As the cryptocurrency market stabilizes following a turbulent period , a new analysis cautions against anticipating a significant breakout in the price of Bitcoin until the last quarter of the year.
Singapore-based digital asset firm QCP Capital said that the market may remain in a holding pattern for the foreseeable future, even as some encouraging signs emerge.
Bitcoin’s overnight recovery to reclaim the $60,000 mark suggests that BTC has managed to stabilize after last week’s sell-off. It ticked higher even when BitGo moved $2 billion worth of Mt. Gox BTC on Monday night , hinting that the market might be starting to shrug off the potential supply impact of these transactions.
Ethereum (ETH) has also seen positive movement, with spot ETFs marking a two-day winning streak and attracting $24.3 million in net inflows on Tuesday .
This comes as market expectations shift towards a 50 basis point rate cut by the Federal Reserve in September, spurred by a softer U.S. Producer Price Index (PPI) report.
However, QCP Capital notes that while the current environment appears supportive, major catalysts necessary for a breakout are lacking.
“With consistent ETF inflows and BlackRock buying the dip last week, crypto seems relatively well supported,” the firm noted. “However, with no major catalysts on the horizon, we anticipate limited major breakouts until Q4.”

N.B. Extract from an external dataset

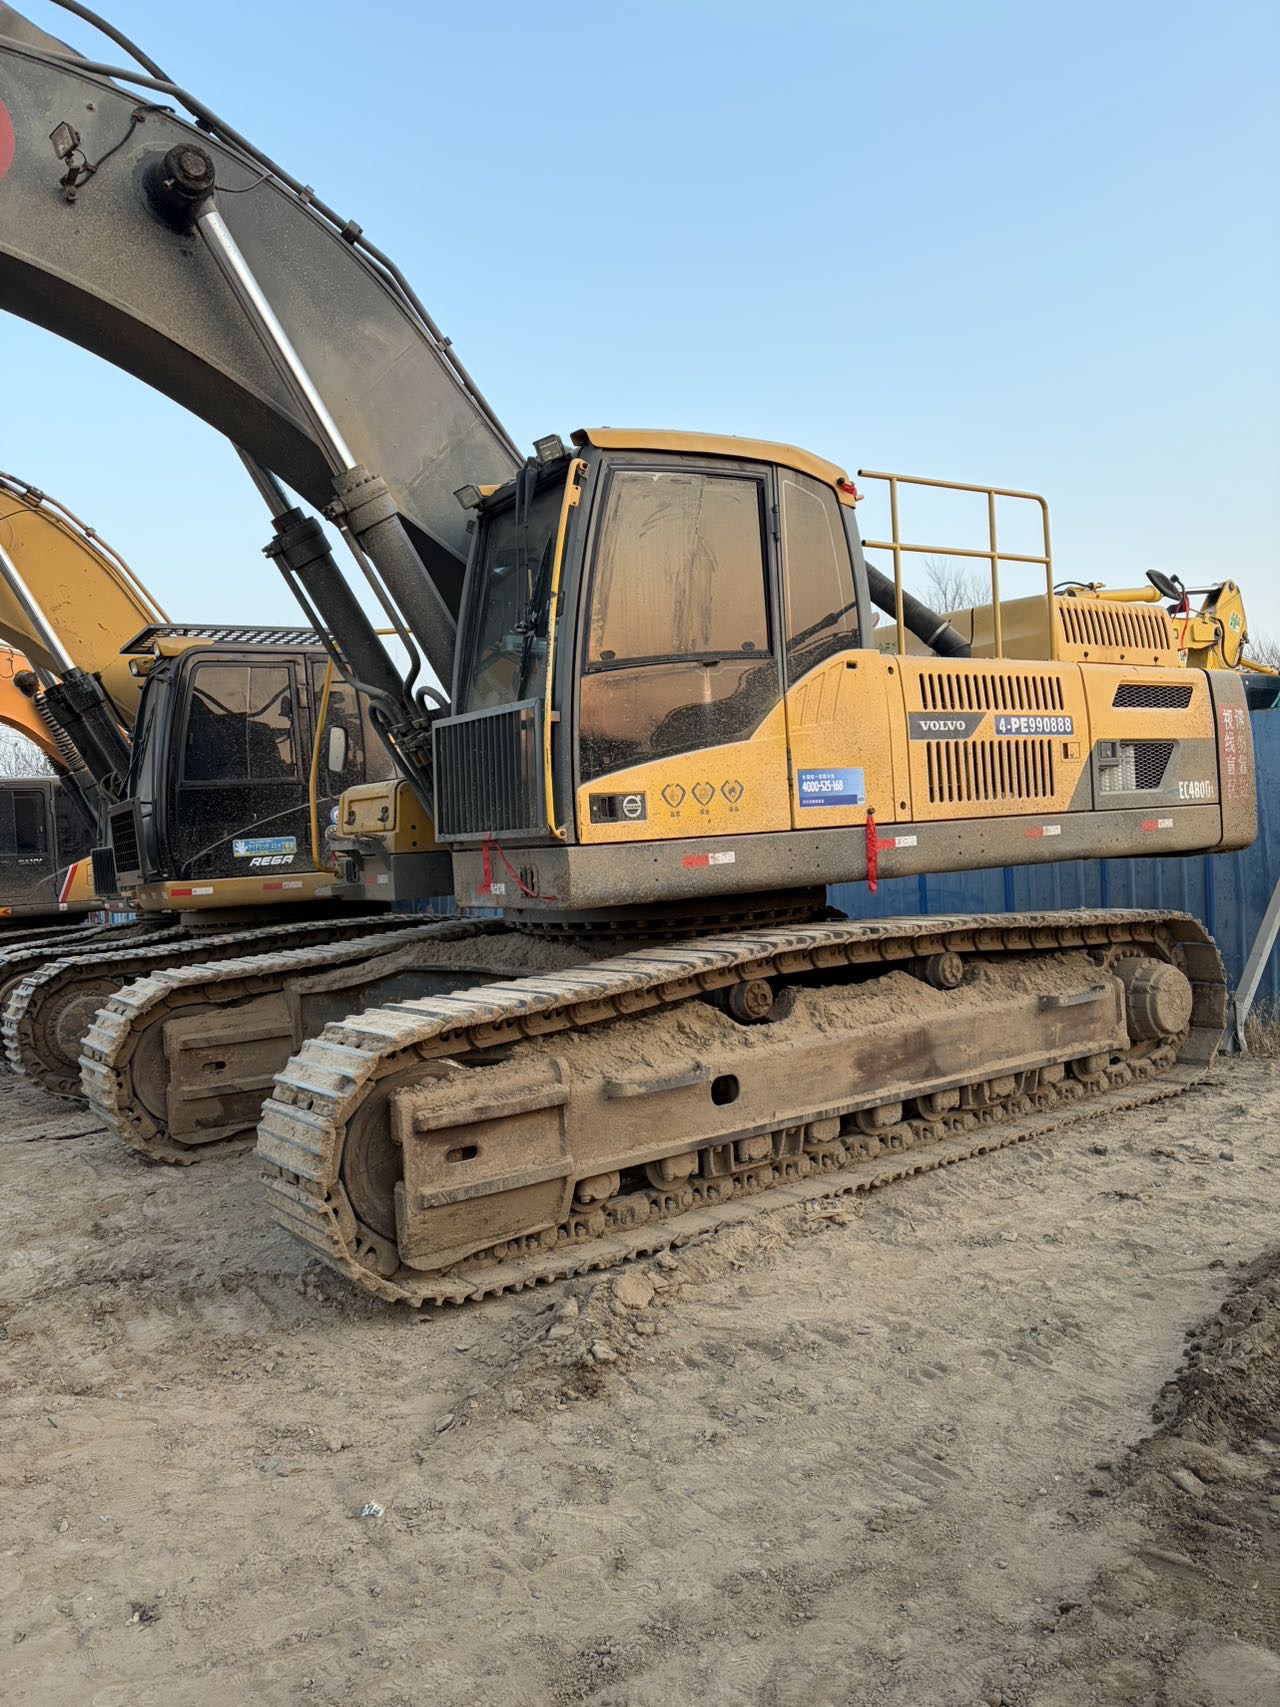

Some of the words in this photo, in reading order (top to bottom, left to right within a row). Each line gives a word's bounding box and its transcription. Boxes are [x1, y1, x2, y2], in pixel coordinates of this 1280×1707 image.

In a separate report, 10x Research emphasized the importance of stablecoin inflows in sustaining any significant rally, noting Tether’s recent minting of $1 billion in USDT —though mainly for inventory building—alongside a $2.8 billion issuance by Tether and Circle last week.
This signals that institutional capital is gradually re-entering the market, but this momentum is already showing signs of waning.
10x Research also highlighted that for Bitcoin to move substantially above the $60,000 to $61,000 resistance zone, more support is needed.
“A strong stablecoin inflow is essential to make the breakout sustainable,” they noted, pointing out that other factors like the expansion of futures and derivatives leverage, which fueled rebounds earlier this year, are now having less impact.